Y es que en La voz de Hind se decidió renunciar a la
interpretación de una actriz, por lo que se reproducen esos audios
originales de la niña con el estremecedor fondo bélico de los disparos
de las malditas tropas uniformadas y armadas hasta los dientes; para los
que consideren que dicho recurso es excesivo, se nos recuerda así como
un fuerte mazazo que las víctimas de las condenadas guerras son reales
dándoles voz y poniéndoles rostro. Mientras se producen estériles
debates sobre lo complejo del “conflicto” árabe-israelí o sobre si lo
ocurrido en Gaza es o no un genocidio, miles de personas han sido
asesinadas, y lo siguen siendo, por la ferocidad depredadora de un
Estado; víctimas que son consideradas a menudo como “colaterales”, un
término que ya resulta familiar en el horror mediático al que nos hemos
tristemente acostumbrado, desproveyéndolas de nombre y de existencia
real. Otro gran acierto del film es situar la acción, exclusivamente, en
ese centro de la Media Luna Roja donde se reciben las peticiones de
socorro y se muestra así, renunciando a mostrar el escenario donde se
encuentra la niña, la impotencia de los trabajadores chocando con una
burocracia imposible. Uno de los protagonistas señala una y otra vez que
una ambulancia está solo a ocho minutos del rescate, aunque los hechos
finales, incluso habiéndose asegurado después de horas una ruta para la
ambulancia (que debería ser respetada por el ejército israelí),
convierte en baladí la cuestión ante los crímenes bélicos. Aunque la
nacionalidad del film se anuncia como tunecina, como no podía ser de
otra manera en mi opinión, los intérpretes son palestinos; las actrices y
actores reproducen las palabras reales que dijeron los protagonistas
originales, con los que tuvieran algunos encuentros durante el rodaje y a
los que podemos ver en algunos momentos en la pantalla.
Uno reivindica a veces su propia ingenuidad y quiso pensar, viendo un
film en el que una niña aterrorizada debe esconderse dentro de un coche
junto a los cadáveres de sus familiares, que su mejor baza ante la
imposibilidad del rescate era mostrarse ante el criminal ejército y
buscar su compasión. Dicha reflexión estaba fundada en querer pensar que
gran parte de los que llevan a cabo todo tipo de atrocidades, como
mediocres portadores de la banalidad del mal de la que nos
habló Hannah Arendt, tal vez pudieran tener un arrebato de conciencia si
les pusieran delante de sus ojos a sus víctimas y no simplemente
arrojar una bomba o disparar sobre un objetivo abstracto sin concretar
en ello seres humanos como víctimas; no obstante, el asesinato directo
de la niña Hind, y de tantas otras personas, echa por tierra mi pobre
reflexión y nos hace, una vez más, desesperanzarnos sobre la maleable
condición del género humano.
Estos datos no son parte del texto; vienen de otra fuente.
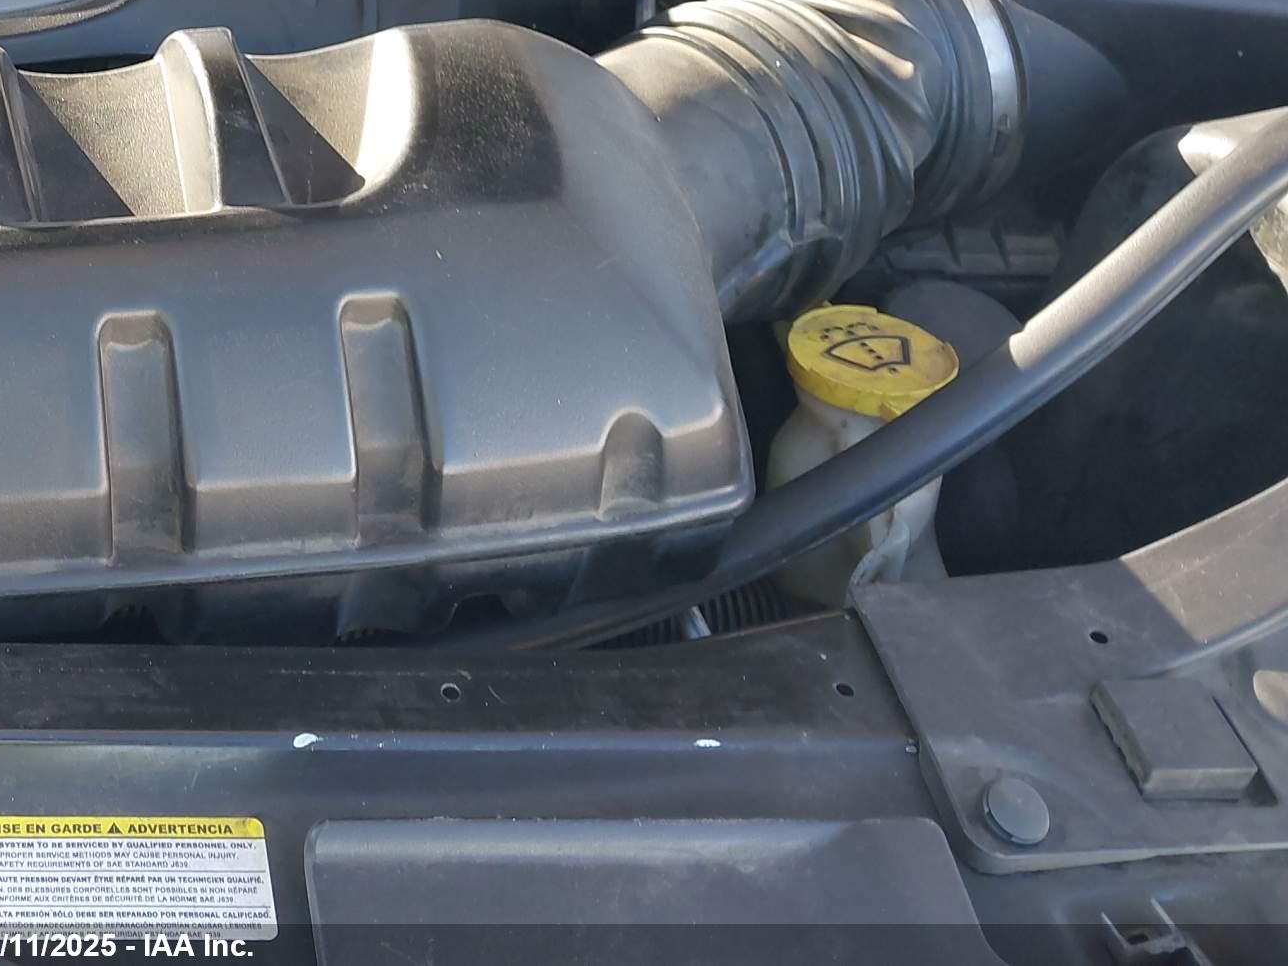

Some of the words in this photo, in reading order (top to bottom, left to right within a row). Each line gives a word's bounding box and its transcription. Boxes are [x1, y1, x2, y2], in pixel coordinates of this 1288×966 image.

Las y los anarquistas nos esforzamos en
denunciar el militarismo, el brazo armado de ese horror que denominan
Estado-nación, y que empuja a innumerables jóvenes a enfrentarse unos a
otros por pertenecer a una región y una cultura diferente. Consideramos
la identidad nacional, entre otras formas colectivas, alienante y una de
las más perniciosas, mientras que soñamos con un mundo libre,
antiautoritario, solidario y exento de fronteras; no obstante, aunque
seguimos trabajando por ese horizonte amplio hacia la fraternidad
universal, como ya apunté anteriormente, la realidad es compleja y las
respuestas no son fáciles sobre esta especie tan compleja, y demasiado a
menudo inicua, que es el homo sapiens.
La voz de Hind ha cosechado no pocos premios y se ha
proyectado en multitud de países, excepto en Israel por deseo propio de
la directora; también, sobre ruinas, en la propia Gaza recordándonos un
horror sobre el que no hay responsabilidades, ni solución aparente. Me
resulta francamente complicado juzgar cinematográficamente esta
película, basta decir que es una obra notable y muy necesaria; tampoco
resulta recomendable, obviamente, para pasar un buen rato en una sala de
proyección. No obstante, aconsejo su visión, con mayor motivo para esos
perezosos intelectuales (y, tal vez, también morales) que repiten una y
otra vez que acuden al cine solo para entretenerse.